I'll email Dave Gesswein to see how Regular simh can include this.

OK.

Regarding your idea of demonstration the full pain of having only paper tape storage: that can be demonstrated with the PiDP with nearly as much suffering as on the original machine.

To be sure!  But then it is not "generic" pain :-)

In short, prepare USB sticks with each of the paper tapes (read or write ones). Each USB stick only contains a <filename>.pt. The filename actually does not matter.

This is not an issue,.

You can then
  • toggle in the boot loader manually (or through simh, depends on the pain you are looking to inflict);

Generically true.  SIMH includes BIN loader support "magically".
  • stick the USB "paper tape" with the Bin Loader into the Pi,
  • mount it, load it, run it,
There is the notion of a default directory in SIMH at the command level.  I set which one using one of the many NEARLY OR TOTALLY UNDOCUMENTED commands you can put in the .ini files.  [There are some really nifty things that work fine, but I doubt 10 people in the world know they exist!   I just guessed some of them WOULD exist!  btw, they are often patterned after MS-DOS/WINDOWS BATCH commands. Who knew?]
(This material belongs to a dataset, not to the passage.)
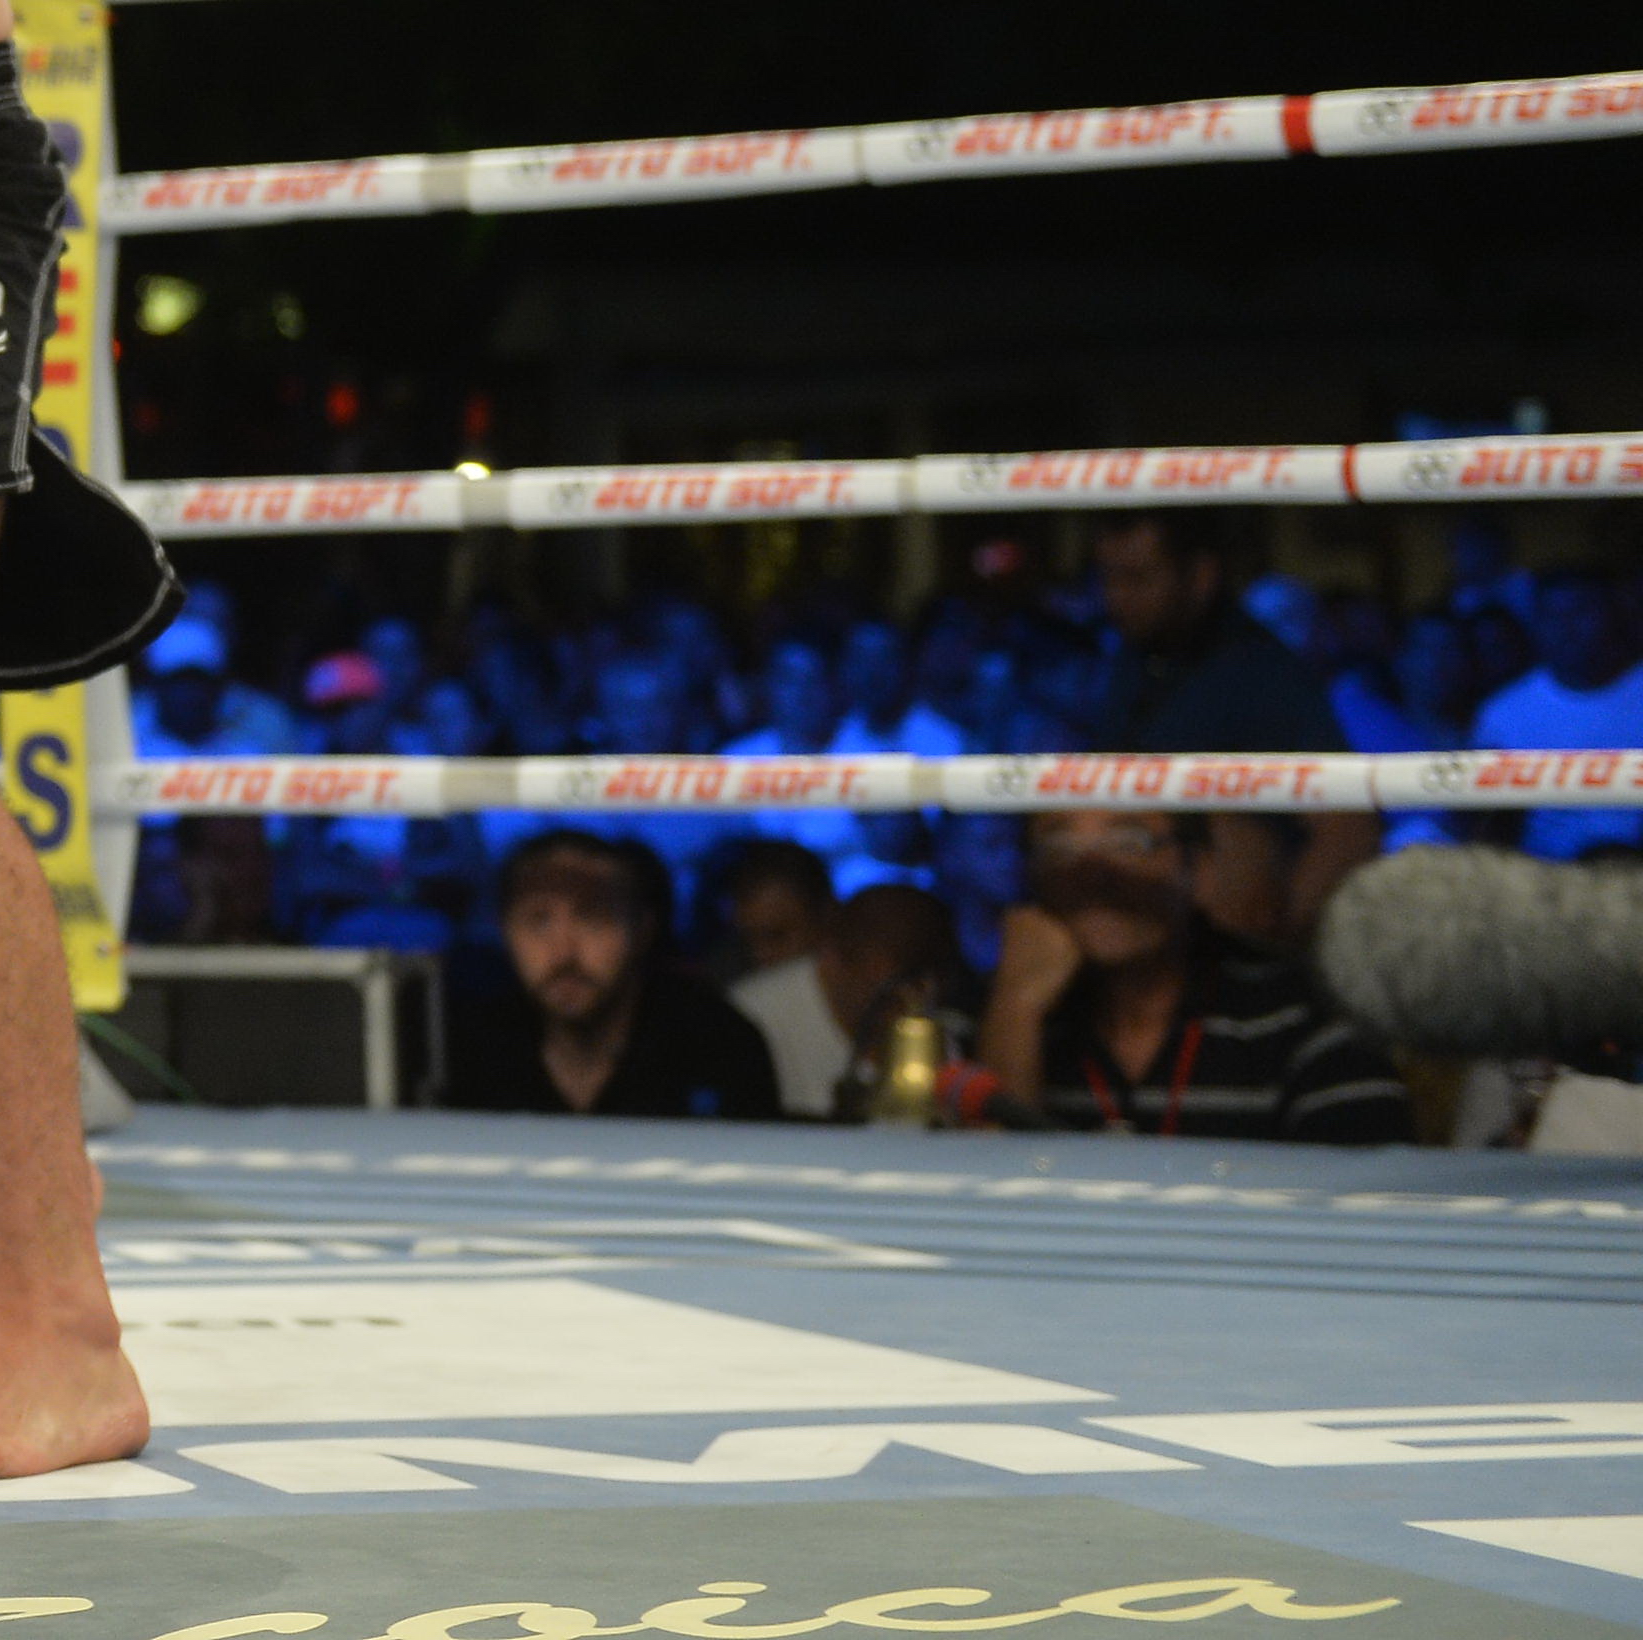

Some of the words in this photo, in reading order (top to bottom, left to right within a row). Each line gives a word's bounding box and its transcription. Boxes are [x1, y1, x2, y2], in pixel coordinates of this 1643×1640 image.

That way I encourage the student to just use their name, with an optional extension if they understand that.  Remember, for a student the course is not to end it at paper-tape, just go through all that and progress to something better.  P/S/8 is far easier to learn than OS/8 and you can't get into as much mischief, especially when you are a "dangerous" novice.  I expect the entire paper-tape "experience" to be quite distasteful and harder to grasp.  Just for perspective, over the years i have carried out this greater scenario with others [always adults due to the circumstances].  They appreciate P?S/8 in ten minutes or less!

 
  • stick the USB "paper tape" with maybe Focal, mount that, load it, etc.
That part is already there.  The loading is not the problem.  It's easier than your description actually.  I will provide appropriate files.  For the present, I have the binaries of FOCAL, INIT and of course PAL III.  If someone gets the ability to save memory finished [it's called the DUMP command, read the built-in HELP, but it doesn't completely work as advertised,  If you leave out the file name, it correctly complains, if you put it in it gets an error and you can never get any further.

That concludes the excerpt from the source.